Science Made Simple: What Is Deuterium-Tritium Fusion Reactor Fuel?

Fusion of Deuterium and Tritium Atoms

The fusion of deuterium (D) and tritium (T) atoms has been proven in the laboratory to produce the highest energy gain at the ”lowest” temperatures. Credit: ITER

Fusion energy has the potential to supply safe, clean, and nearly limitless power. Although fusion reactions can occur for light nuclei weighing less than iron, most elements will not fuse unless they are subject to immense temperatures and pressures, such as in the interior of a star. To create burning plasmas in experimental fusion power reactors such as tokamaks and stellarators, scientists seek a fuel that is relatively easy to produce, store, and bring to fusion. The current best bet for fusion reactors is deuterium-tritium fuel. This fuel reaches fusion conditions at lower temperatures compared to other elements and releases more energy than other fusion reactions.

Deuterium and tritium are isotopes of hydrogen, the most abundant element in the universe. Whereas all isotopes of hydrogen have one proton, deuterium also has one neutron, and tritium has two neutrons, so their ion masses are heavier than protium, the isotope of hydrogen with no neutrons. When deuterium and tritium fuse, they create a helium nucleus, which has two protons and two neutrons. The reaction releases an energetic neutron. Fusion power plants would convert the energy released from fusion reactions into electricity to power our homes, businesses, and other needs.

Isotopes of Hydrogen

There is only one proton in the nucleus of all isotopes of hydrogen, but the number of neutrons varies.
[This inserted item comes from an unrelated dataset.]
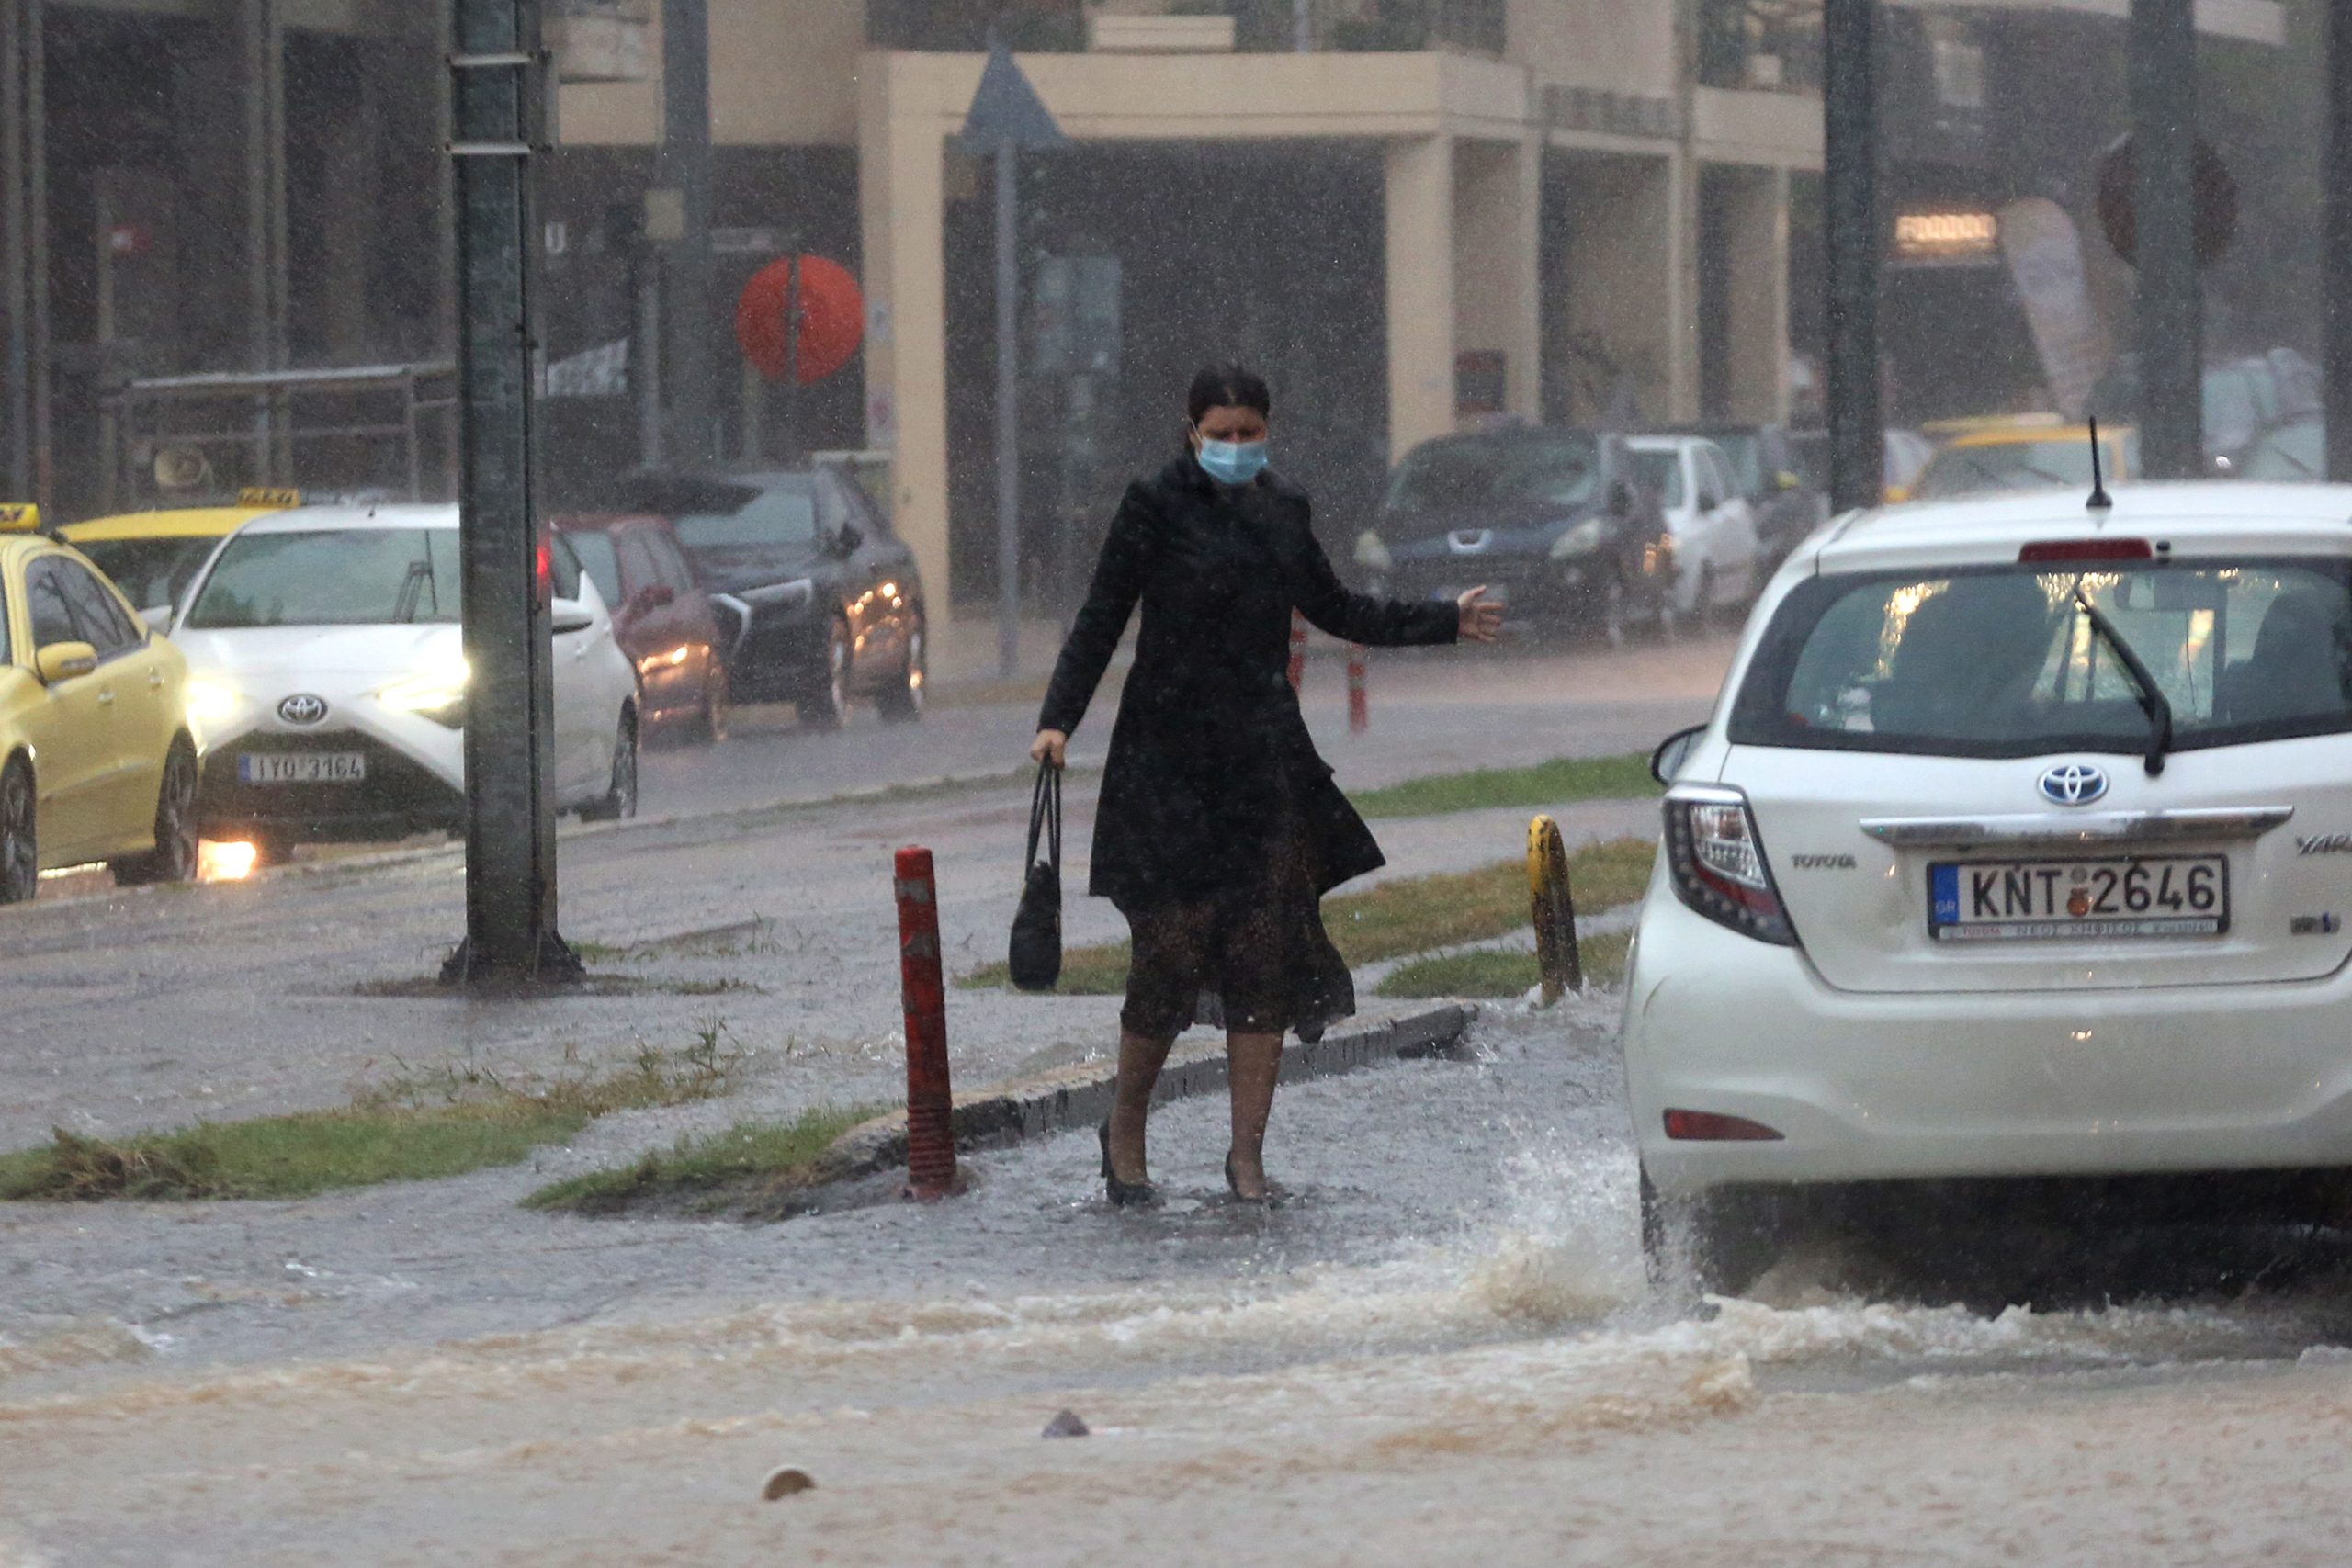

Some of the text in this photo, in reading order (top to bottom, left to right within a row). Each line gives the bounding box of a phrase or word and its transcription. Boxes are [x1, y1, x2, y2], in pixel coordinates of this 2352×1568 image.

Credit: Image courtesy of General Atomics

Fortunately, deuterium is common. About 1 out of every 5,000 hydrogen atoms in seawater is in the form of deuterium. This means our oceans contain many tons of deuterium. When fusion power becomes a reality, just one gallon (3.8 liters) of seawater could produce as much energy as 300 gallons (1,135 liters) of gasoline.

Tritium is a radioactive isotope that decays relatively quickly (it has a 12-year half-life) and is rare in nature. Fortunately, exposing the more abundant element of lithium to energetic neutrons can generate tritium. A working fusion power plant would need enriched lithium to breed the tritium it needs to close the deuterium-tritium fuel cycle. Current R&D efforts are focused on advanced designs of tritium breeding blankets using lithium originally obtained from Earth-based sources.

Deuterium-Tritium Fuel Facts

  • Water made from deuterium is about 10 percent heavier than ordinary water. That’s why it is sometimes referred to as “heavy water.” It will actually sink to the bottom of a glass of ordinary water.  
  • Sources of tritium on Earth include natural production from interactions with cosmic rays, energy-producing nuclear fission reactors such as the heavy water CANDU reactor, and nuclear weapons testing.
  • To avoid certain R&D challenges including structural material damage from energetic neutrons, fusion scientists are interested also in aneutronic fusion reactions (such as deuterium-helium-3 and proton-boron fusion) even though these fusion reactions occur at higher ion temperatures than for deuterium and tritium.

DOE Office of Science: Contributions to Deuterium-Tritium Fuel

Part of the mission of The Department of Energy Office of Science, Fusion Energy Sciences (FES) program is to develop a practical fusion energy source. FES works with the Advanced Scientific Computing Research program using scientific computing to advance fusion science and understand the effect of ion mass on various plasma phenomena. At Office of Science user facilities such as the DIII-D tokamak and NSTX-U spherical tokamak, scientists study the impact of ion mass on plasma confinement, transport, and turbulence.  The confinement of fusion products such as the helium ion is also studied in presence of helical magnetic fields. The Office of Science Nuclear Physics program develops the fundamental nuclear science underpinning the understanding of fusion by creating nuclear reaction databases, generating nuclear isotopes, and elucidating aspects of nucleosynthesis.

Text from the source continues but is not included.